Harmonie ist grundsätzlich etwas Gutes. Wenn Konflikte aber unter den Teppich gekehrt werden, kommen Menschen ins Stolpern. Von Sandra Geissler

Vor einiger Zeit telefonierte ich mit einer Mutter aus der Schule, um eine Verabredung abzusprechen. Zum Abschied rief sie fröhlich ins Telefon: „Aber immer doch, wir sehen diesen Schatz so gern bei uns! Das ist das einzige Kind, mit dem es wirklich nie Streit gibt. Man merkt gar nicht, dass Besuch da ist!“

Ich legte auf mit einer Mischung aus Dankbarkeit und Unbehagen. Eigentlich ist so ein pflegeleichtes Kind ja wunderbar. Ein Kind, dass sich überall so problemlos einfügt, dass man es gern zu Gast hat. Andererseits wurde mir schlagartig mulmig im Bauch. Ich kenne mein Kind und weiß, dass es sehr wohl potenzielle Konflikt- und Streitsituationen an solchen Spielnachmittagen gibt. Sie fallen nur nicht weiter auf, denn das Kind gibt stets nach und scheut den Konflikt. Sein Bedürfnis nach Harmonie wiegt nahezu immer stärker als der Anlass eines Streites. Mir ist dieses Verhalten wohlvertraut, denn ich bin selbst ein äußerst harmoniebedürftiger Mensch und lasse kaum eine Gelegenheit aus, einen ordentlichen Streit zu vermeiden. Ich freue mich nur sehr bedingt, dass ich diese Eigenschaft offensichtlich mit meinem Kind teile.

EINE EINZIGE STOLPERFALLE

Das Bedürfnis nach Harmonie ist erst mal nur das Bedürfnis nach Einklang, Einvernehmen, nach Eintracht und friedlichem Miteinander.

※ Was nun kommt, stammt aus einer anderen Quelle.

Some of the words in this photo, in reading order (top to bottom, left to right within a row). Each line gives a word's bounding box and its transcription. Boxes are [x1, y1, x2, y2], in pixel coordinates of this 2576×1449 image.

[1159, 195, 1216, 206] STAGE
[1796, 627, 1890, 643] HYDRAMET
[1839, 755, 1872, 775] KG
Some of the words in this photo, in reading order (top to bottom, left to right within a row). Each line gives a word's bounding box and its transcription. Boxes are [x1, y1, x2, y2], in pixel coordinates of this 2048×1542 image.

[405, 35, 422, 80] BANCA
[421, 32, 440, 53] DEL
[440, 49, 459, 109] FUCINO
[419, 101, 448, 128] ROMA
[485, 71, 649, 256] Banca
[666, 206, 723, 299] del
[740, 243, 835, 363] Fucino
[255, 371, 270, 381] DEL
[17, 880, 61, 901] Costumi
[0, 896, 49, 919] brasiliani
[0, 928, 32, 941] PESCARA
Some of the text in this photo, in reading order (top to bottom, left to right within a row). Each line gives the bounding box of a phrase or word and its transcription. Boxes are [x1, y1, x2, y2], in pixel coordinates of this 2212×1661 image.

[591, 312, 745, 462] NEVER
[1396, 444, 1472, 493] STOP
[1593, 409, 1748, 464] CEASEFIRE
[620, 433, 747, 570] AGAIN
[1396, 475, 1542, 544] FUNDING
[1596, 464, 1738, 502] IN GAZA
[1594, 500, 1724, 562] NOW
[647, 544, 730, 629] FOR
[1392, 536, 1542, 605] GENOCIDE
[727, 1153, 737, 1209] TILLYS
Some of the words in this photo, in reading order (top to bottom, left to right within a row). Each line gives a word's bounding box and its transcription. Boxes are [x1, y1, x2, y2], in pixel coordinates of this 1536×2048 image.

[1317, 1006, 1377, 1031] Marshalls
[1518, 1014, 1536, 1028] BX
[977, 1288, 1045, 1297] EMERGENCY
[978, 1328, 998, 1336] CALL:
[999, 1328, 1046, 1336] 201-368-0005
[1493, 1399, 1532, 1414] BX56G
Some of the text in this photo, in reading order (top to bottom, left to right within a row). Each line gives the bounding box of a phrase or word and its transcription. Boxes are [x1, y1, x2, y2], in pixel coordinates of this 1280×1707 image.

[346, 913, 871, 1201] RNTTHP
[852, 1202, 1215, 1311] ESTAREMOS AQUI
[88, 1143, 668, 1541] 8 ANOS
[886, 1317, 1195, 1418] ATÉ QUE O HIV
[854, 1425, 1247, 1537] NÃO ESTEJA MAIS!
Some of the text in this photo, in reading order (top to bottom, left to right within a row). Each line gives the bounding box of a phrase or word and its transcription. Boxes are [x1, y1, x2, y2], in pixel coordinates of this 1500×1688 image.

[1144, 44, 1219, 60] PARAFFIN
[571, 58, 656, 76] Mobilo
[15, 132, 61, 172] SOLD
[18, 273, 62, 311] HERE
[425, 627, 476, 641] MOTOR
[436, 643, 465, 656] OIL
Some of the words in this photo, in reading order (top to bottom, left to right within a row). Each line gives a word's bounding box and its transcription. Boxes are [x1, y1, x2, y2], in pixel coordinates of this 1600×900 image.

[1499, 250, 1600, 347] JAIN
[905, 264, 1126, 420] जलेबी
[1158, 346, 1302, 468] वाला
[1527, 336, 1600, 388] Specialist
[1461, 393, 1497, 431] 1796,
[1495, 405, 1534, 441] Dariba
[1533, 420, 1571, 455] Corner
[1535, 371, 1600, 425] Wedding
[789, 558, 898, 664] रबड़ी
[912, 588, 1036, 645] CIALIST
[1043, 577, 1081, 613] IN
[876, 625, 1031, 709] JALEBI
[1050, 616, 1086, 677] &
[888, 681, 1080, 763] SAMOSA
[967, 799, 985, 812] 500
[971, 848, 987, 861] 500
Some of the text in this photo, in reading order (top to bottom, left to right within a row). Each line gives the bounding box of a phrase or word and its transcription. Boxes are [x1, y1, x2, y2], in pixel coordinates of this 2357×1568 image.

Genau das sind die Bedeutungen des griechischen Wortes „harmonia“. Warum also jubelt mein Mutterherz nicht umgehend, wenn das eigene Kind dieses Bedürfnis in ausgeprägtem Maße hat? Hauptsächlich liegt es wohl daran, dass das Harmoniebedürfnis dazu neigt, sich schlechten Umgang zu suchen. Dann spaziert es mit seinen Freunden Konfliktscheu, Drückeberger und Selbstverleugnung durch die Lande, und gemeinsam kehren sie emsig alles unter die Teppiche des Lebens, was ihnen an Auseinandersetzungen und Ärgernissen begegnet. Das kann lange gutgehen, und das Leben wirkt hübsch aufgeräumt.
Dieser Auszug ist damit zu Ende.